(Reuters) - Moody’s slashed Nokia’s credit rating to “junk” on Friday after the Finnish cellphone maker cut 10,000 more jobs and forecast a wider-than-expected loss, citing worries about its cash position and slow sales of new Windows phones.
Equities analysts also cut their price targets on Nokia stock on fears the company would continue losing market share to Apple, Google and Samsung Electronics.
Moody’s is the third ratings agency to relegate Nokia to non-investment grade status, which means many institutional investors such as pension funds will not buy its bonds. S&P and Fitch made similar moves in April.
Nokia is placing its hopes of a turnaround on a new range of smartphones called Lumia, which use largely untried Microsoft software, but sales have been slow. Nokia ditched its own Symbian operating system and switched to Microsoft last year.
“Today’s rating action reflects our view that Nokia’s far-reaching restructuring plan... delineates a scale of earnings pressure and cash consumption that is larger than we had previously assumed,” Moody’s analyst Wolfgang Draack said in a note.
Moody’s also said Nokia may also have to contribute more capital or funding to Nokia Siemens Networks, its joint venture with Siemens, if the restructuring costs start to exceed cash flow from operations.

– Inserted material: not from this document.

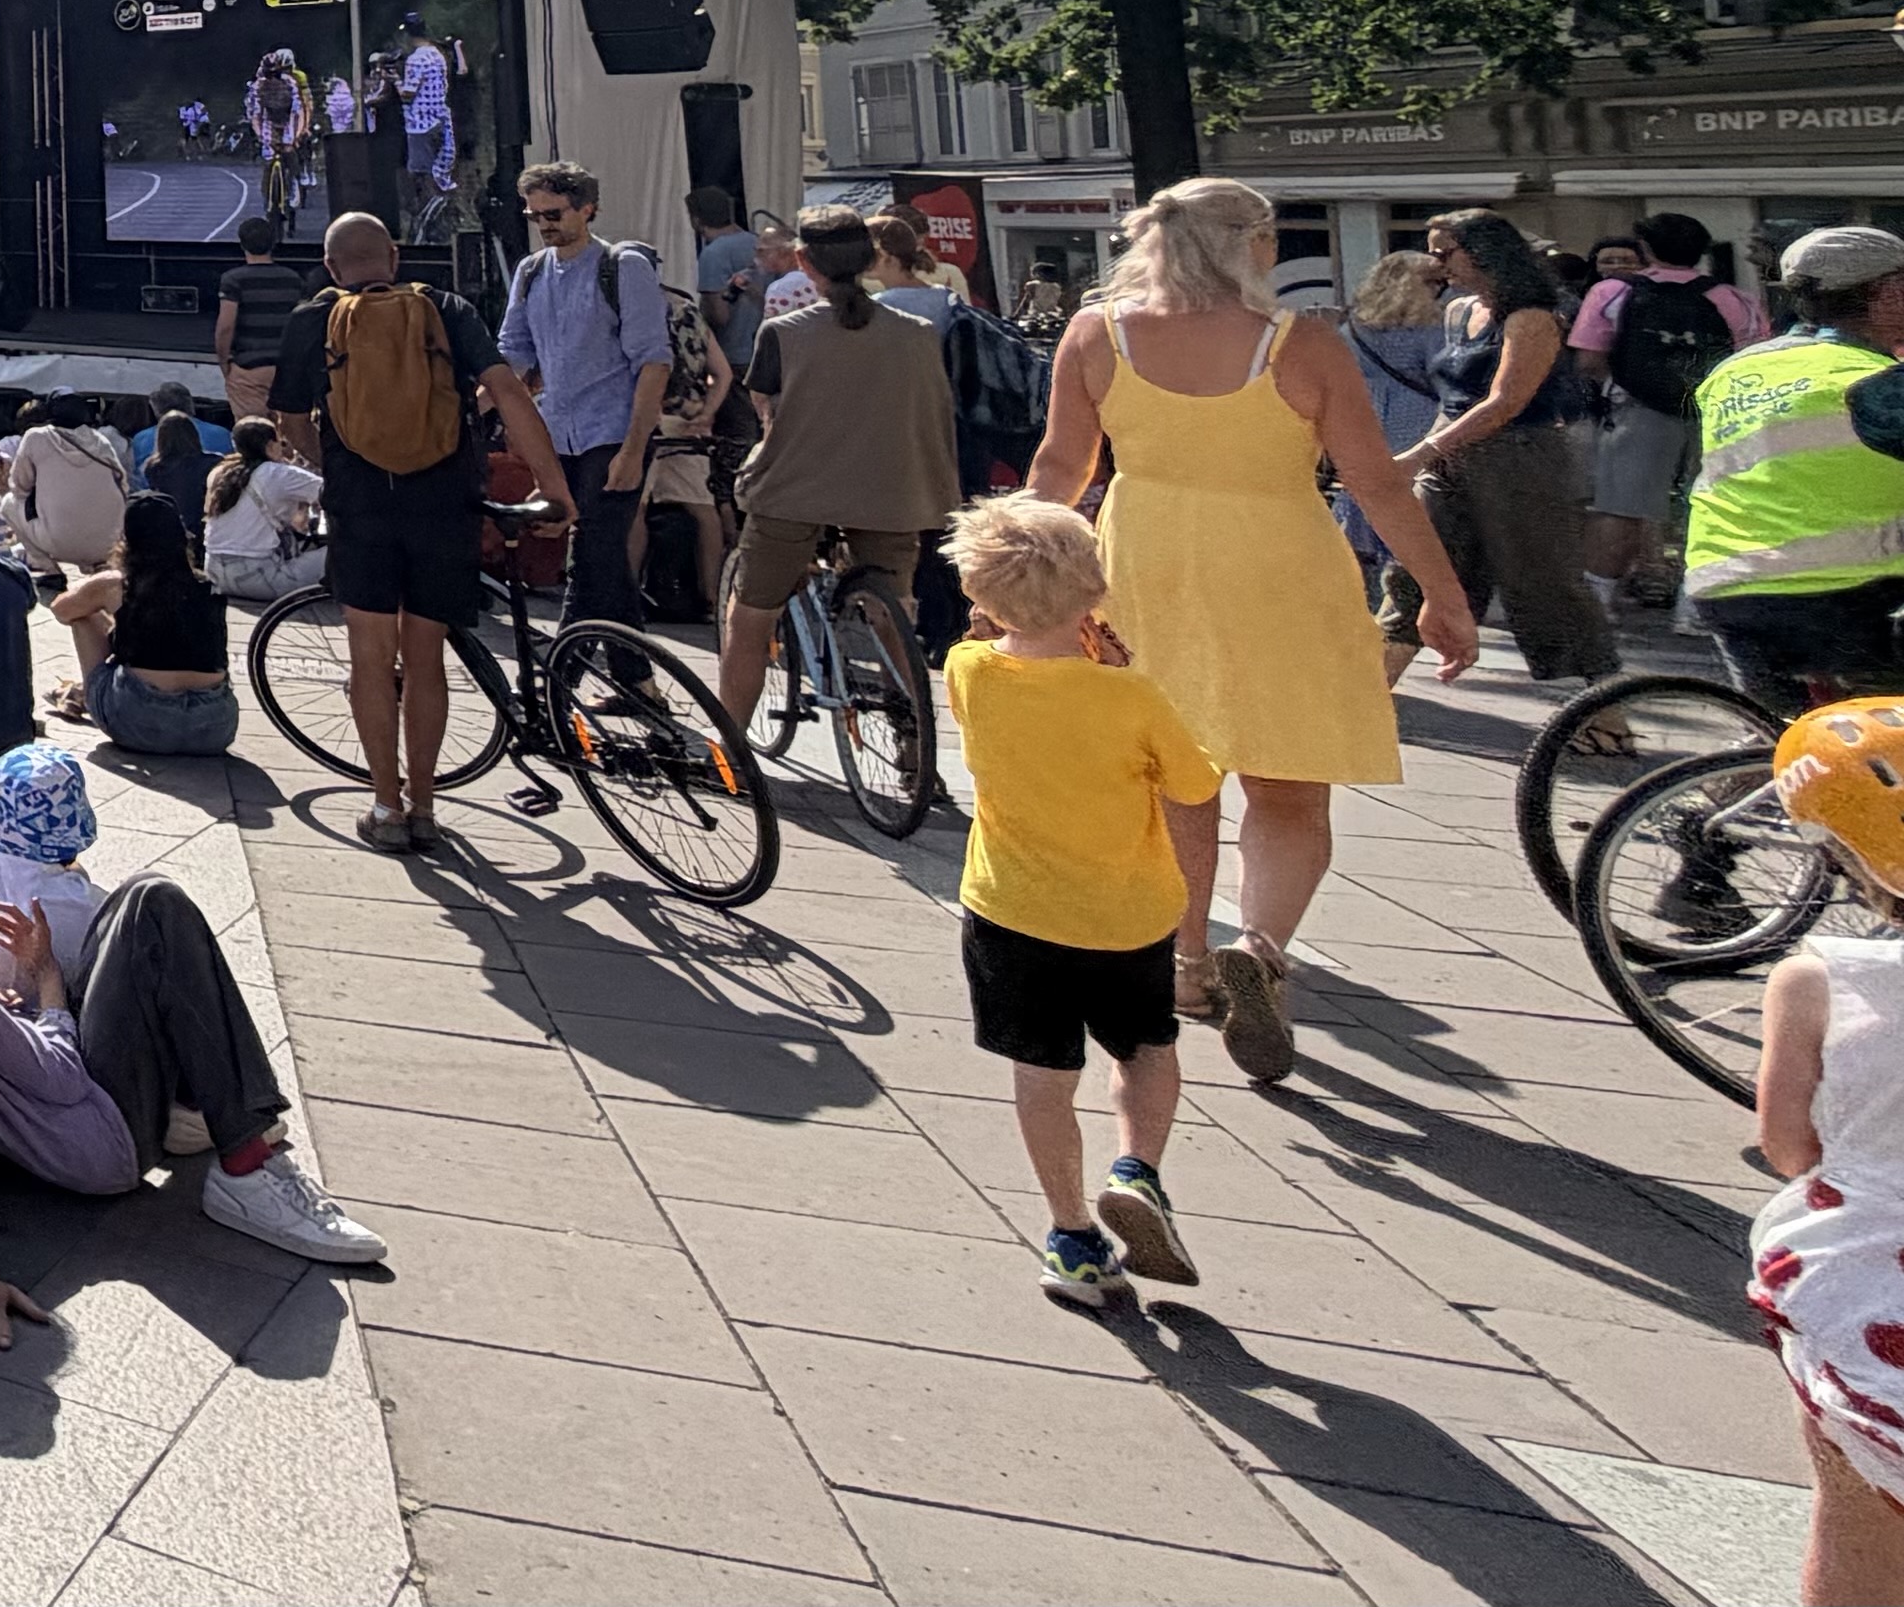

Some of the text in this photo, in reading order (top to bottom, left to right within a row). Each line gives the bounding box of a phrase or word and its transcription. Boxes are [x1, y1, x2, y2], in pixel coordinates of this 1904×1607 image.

[1694, 110, 1767, 132] BNP
[1288, 124, 1443, 145] BNP PARIBAS
[928, 216, 974, 240] ERISE
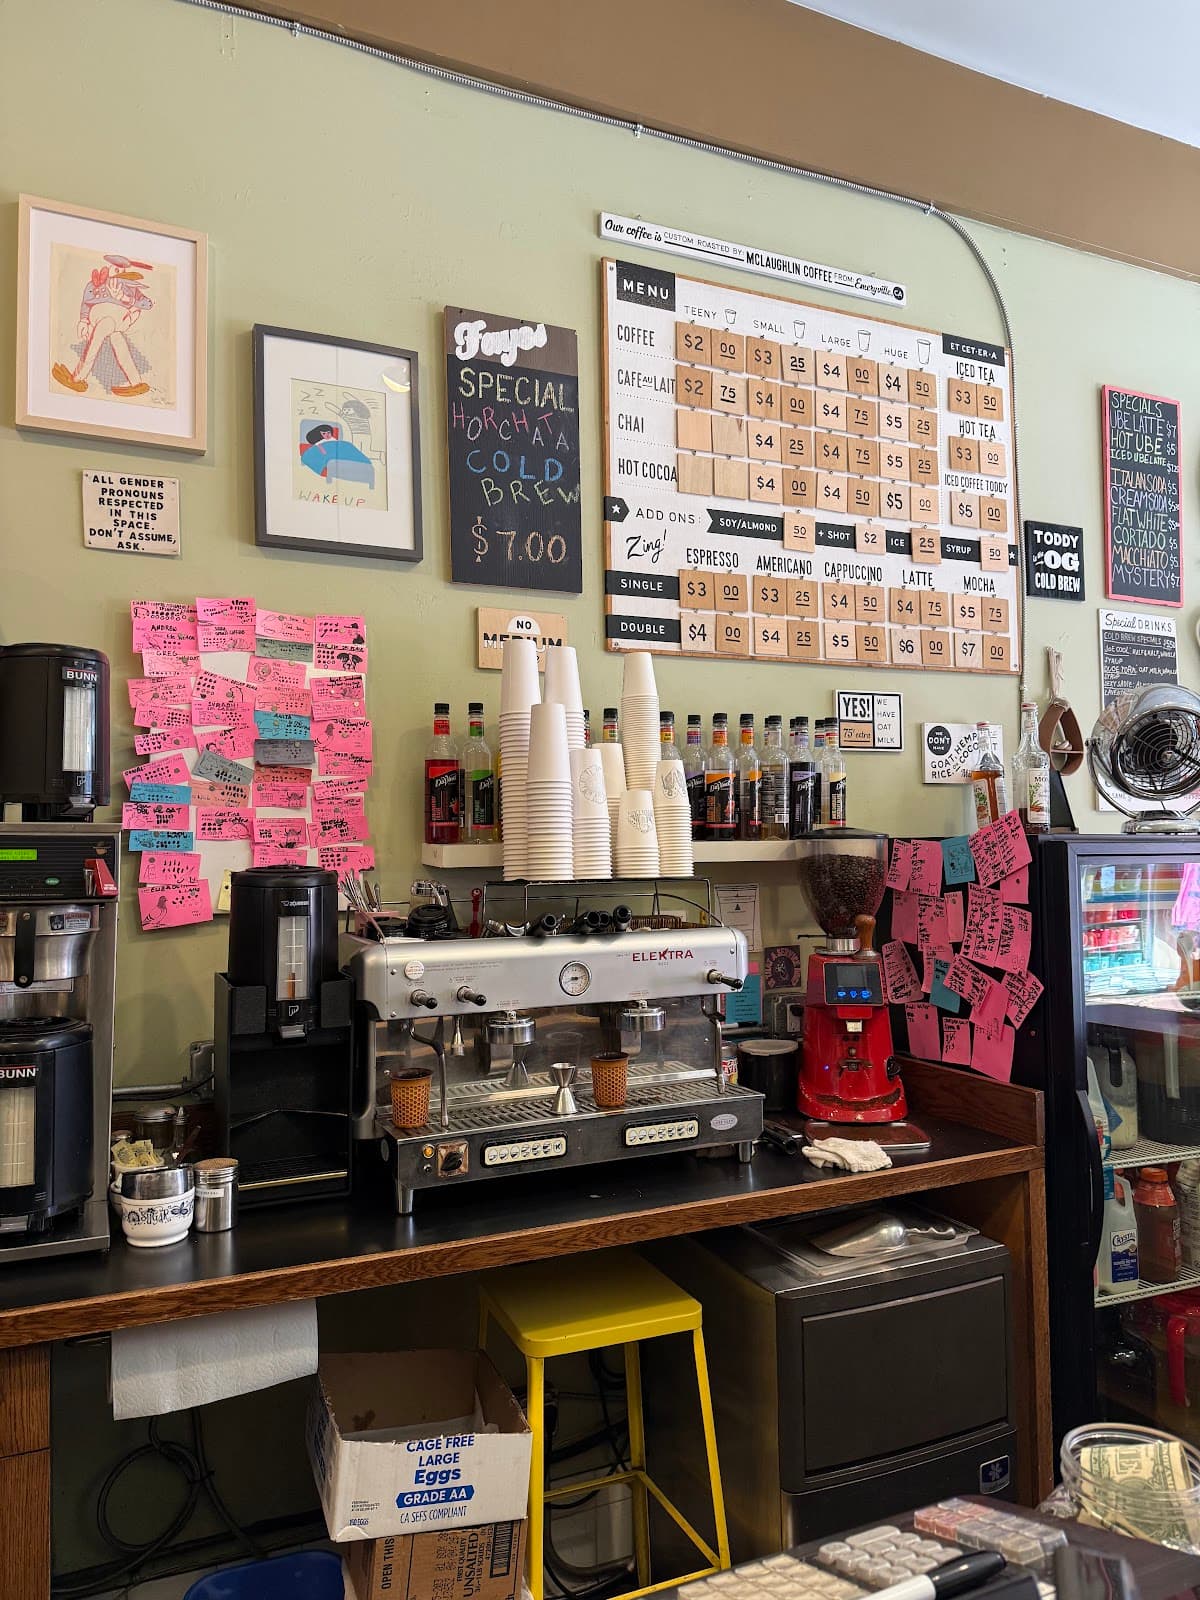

At least ten brokerages slashed their price targets on Nokia’s shares, which have fallen more than 50 percent since the start of the year. They were trading up 3.6 percent at 1.89 euros at 0946 EDT.
“Nokia’s current profit warning worryingly reflects the company having to significantly discount its new Microsoft Lumia products in order for the eco-system to gain any traction with retailers, operators and consumers,” UBS said.
Nokia’s plan to cut more jobs and reduce operational costs are a step in the right direction, but the moves may be too late, said Wedbush Securities analysts, who cut their price target on the U.S.-listed shares to $2.50 from $3.25.
Canaccord Genuity analysts lowered their price target on Nokia’s U.S.-listed shares to $2.70 from $3.50.
“Due to our expectations for a continued sharp decline in Symbian smartphone sales...combined with a slow ramp in Windows smartphone volume...and continued mobile devices pricing pressure...2012 remains a challenging transitional year for Nokia,” the analysts said.
Analysts at Credit Suisse downgraded the stock to “neutral” from “outperform,” while those at Nordea Equity Research cut their rating to “hold” from “buy.”
Natixis cut its price target on the stock to 1.5 euros from 2.6 euros while Societe Generale cut its target to 1.6 euros from 1.8 euros.